1. Show them, don’t tell them.

This may be the college version of “a picture is worth 1,000 words.” Show them your savings account or 529 plan balance. Show them the school’s estimated cost of attendance. Ask them to divide by four. What is the annual shortfall and how will it be bridged? How much of that will be evil loans?

Trot out the numbers on loan defaults, monthly payments, return on investment figures for colleges. And then ask them what makes the most sense to them. Remember, you can always just say no to co-signing a student loan. Write out the word “no” too.

2. Show them, don’t tell them ― redux.

Living within your means used to be cool. Then a lot of us got caught up in the culture of consumerism. We borrowed against equity in our homes to take vacations, bought new cars when the old ones got dirty, and basically never thought about the day when the chickens would come home to roost.
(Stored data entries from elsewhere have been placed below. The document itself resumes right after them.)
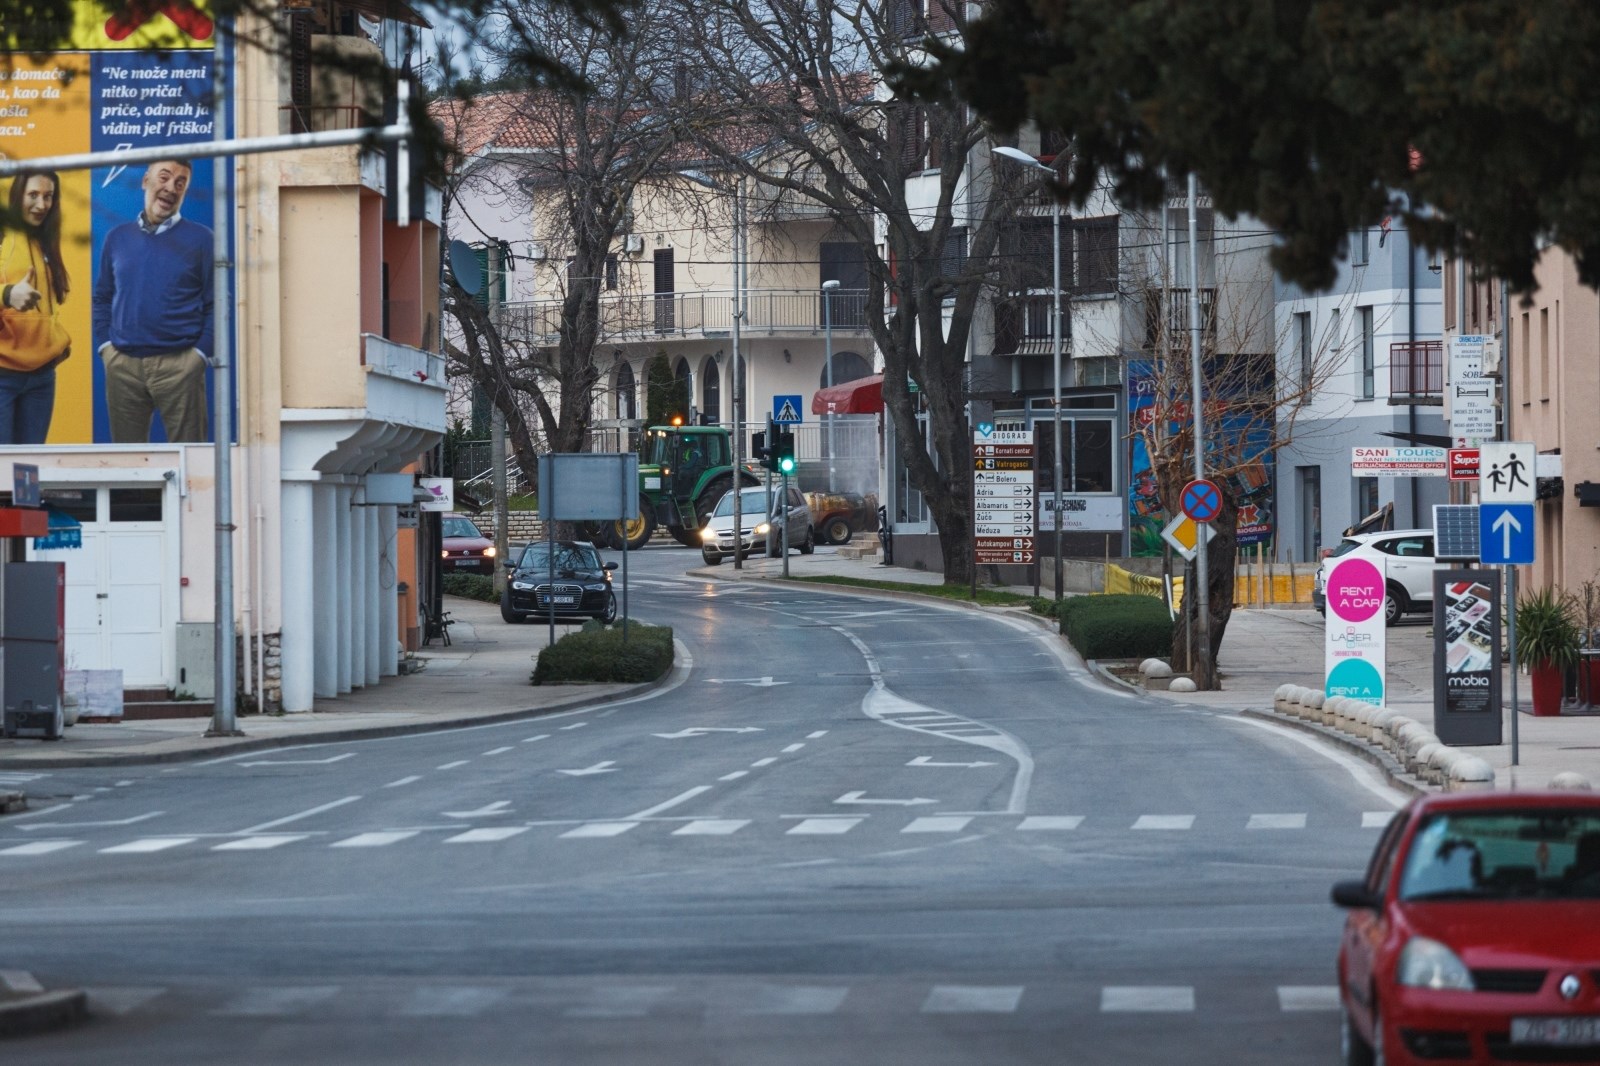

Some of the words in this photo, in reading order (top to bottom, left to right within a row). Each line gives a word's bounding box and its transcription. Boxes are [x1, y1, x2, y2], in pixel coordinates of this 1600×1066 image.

[131, 66, 168, 79] može
[171, 66, 206, 79] meni
[12, 86, 40, 98] kao
[42, 86, 60, 98] da
[102, 84, 138, 98] nitko
[140, 84, 183, 100] pričat
[0, 104, 28, 118] ošla
[101, 103, 140, 120] priče,
[144, 103, 193, 116] odmah
[102, 122, 140, 134] vidim
[1355, 448, 1388, 457] SANI
[1395, 448, 1444, 457] TOURS
[996, 461, 1028, 469] Vatrogasci
[977, 540, 1012, 548] Autokampovi
[1340, 587, 1374, 596] RENT
[1340, 599, 1349, 607] A
[1353, 599, 1380, 608] CAR
[1331, 633, 1371, 641] LAGER
[1448, 674, 1489, 686] mobia
If your student has dreams about going to a fancy college that you can’t afford, chances are you were his role model. It’s never to late to mend your ways. Talk openly about the financial stress you had during the Great Recession, how your retirement savings and home values plummeted, how you got the wake-up call but it may have come too late.
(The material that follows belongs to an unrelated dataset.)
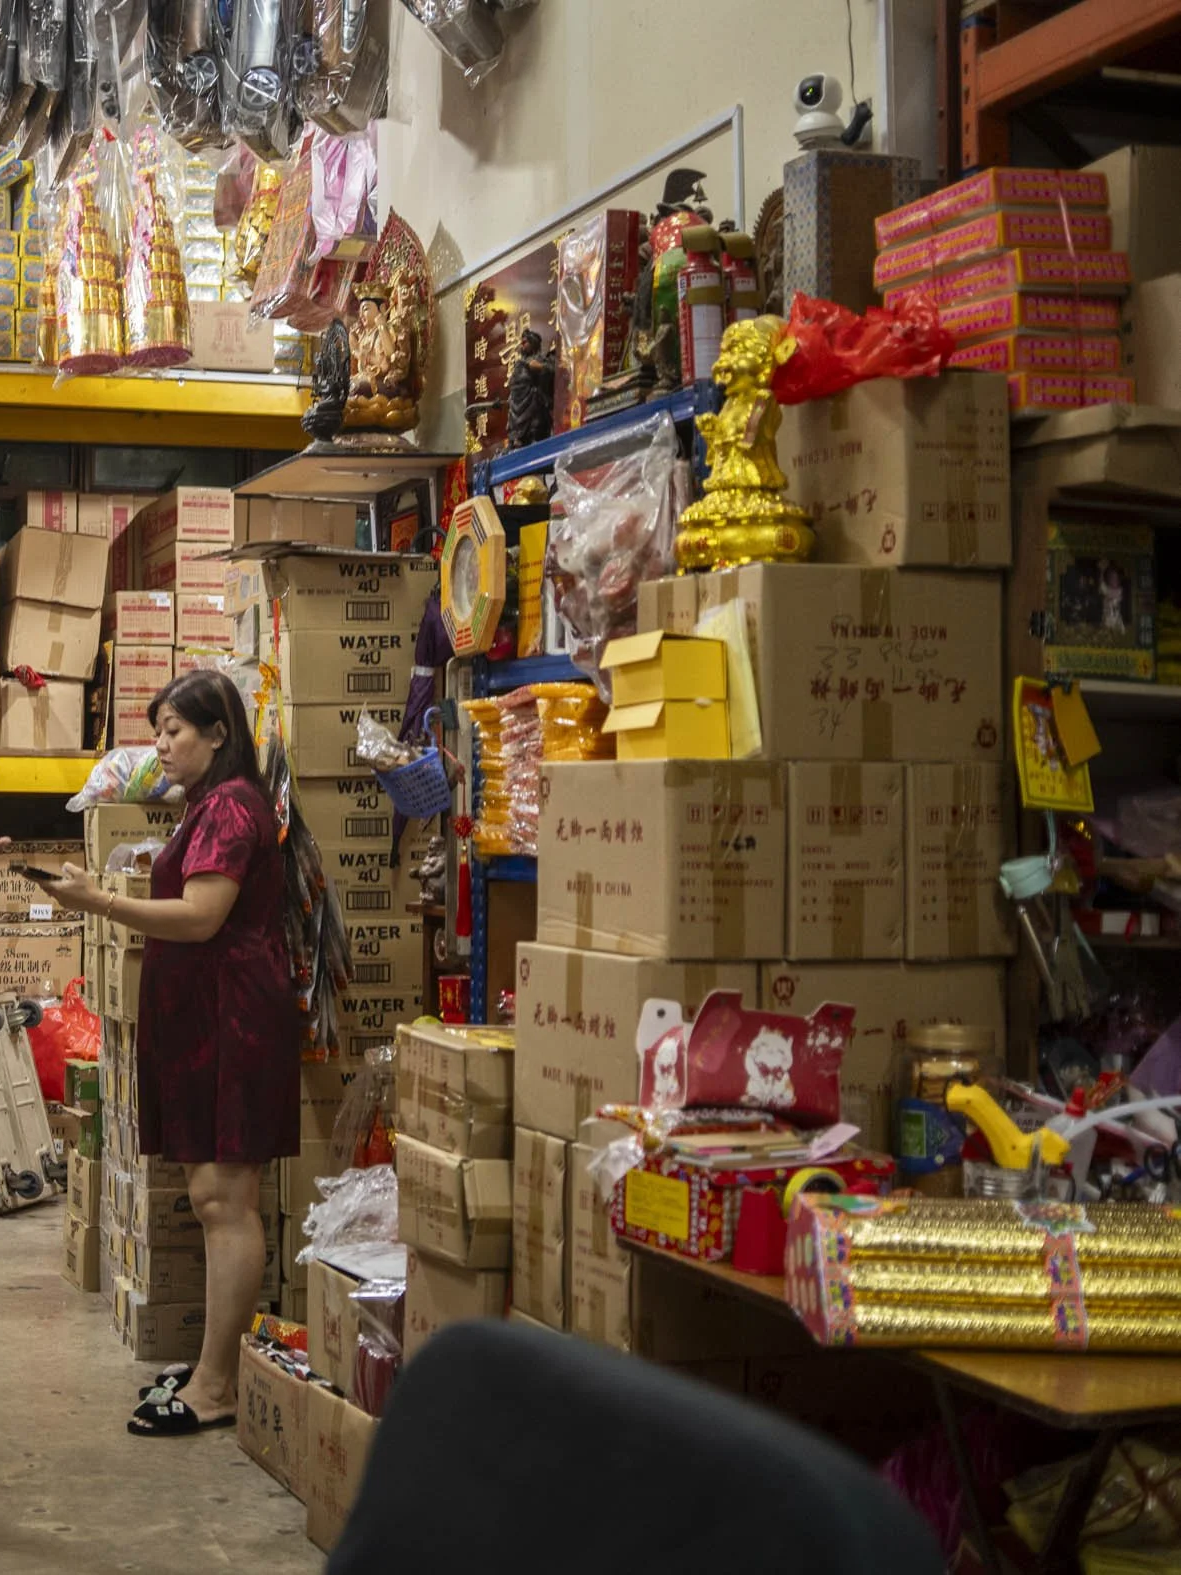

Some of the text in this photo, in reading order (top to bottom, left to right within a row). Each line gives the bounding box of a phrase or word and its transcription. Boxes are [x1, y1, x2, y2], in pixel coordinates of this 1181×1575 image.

Pattern your spending along the same guidelines you want your student to adopt. Show him how it can feel good to be a saver.

3. Beg and steal, but try not to borrow.

When relatives ask what your student wants for his birthday or the holidays, the answer should be: Money for college. Students have as much responsibility to set money aside for college as their parents do ― some would argue, even more.
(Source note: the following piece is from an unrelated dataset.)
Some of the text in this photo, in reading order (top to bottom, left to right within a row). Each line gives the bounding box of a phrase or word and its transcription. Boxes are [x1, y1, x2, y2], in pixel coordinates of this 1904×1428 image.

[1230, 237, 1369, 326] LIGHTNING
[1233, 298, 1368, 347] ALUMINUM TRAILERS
Look for ways to cut expenses and senior year activities. Is it really necessary to participate in every single activity planned? Prom tickets, clothes, limo, photos; senior breakfast, senior dinner, senior class gift to the school, senior yearbook, senior pictures, senior field trip, senior beach party, senior grad night programming. It can literally cost thousands. Whatever your student can skip is money that goes into the college fund. And maybe if enough kids start skipping the multitude of events, the school will get a little more realistic about the costs involved.

Your student can also find a part-time and/or summer job. We know kids who pulled in $3,000 just from babysitting during the summer before college.

One of the best ways to motivate your student is to open a bank account in her name and tell her that whatever she earns is her spending money for the year ― or that she will be buying her own textbooks.

The point is: Get the student invested. This isn’t only on parents.

4. Take advice from The Rolling Stones.

Mick sang it best: “You can’t always get what you want, but if you try sometime, you find you get what you need.”

There is an uncomfortable days-of-Hell period between May 1st (generally when college deposits are due) and mid-June (high school graduations) when students and their parents strut around bragging about where they are going to college. For those six weeks, no one wants to be the kid who says he’s living at home and going to the local community college. That’s too bad because frankly, those may be the smartest kids in the lot.

Here are some realities: Lots of kids who start college wind up coming home. Their reasons are varied but some studies put the number of freshmen drop-outs at 30 percent.

The Organization for Economic Cooperation and Development said that only 46 percent of Americans actually complete college once they start, making the U.S. the worst among the 18 countries it tracks. As The Atlantic wrote, “We’re behind Slovakia. Slovakia.”

So all this hand-wringing, fretting, time spent on applications and taking SATs ― it might not even matter anyway.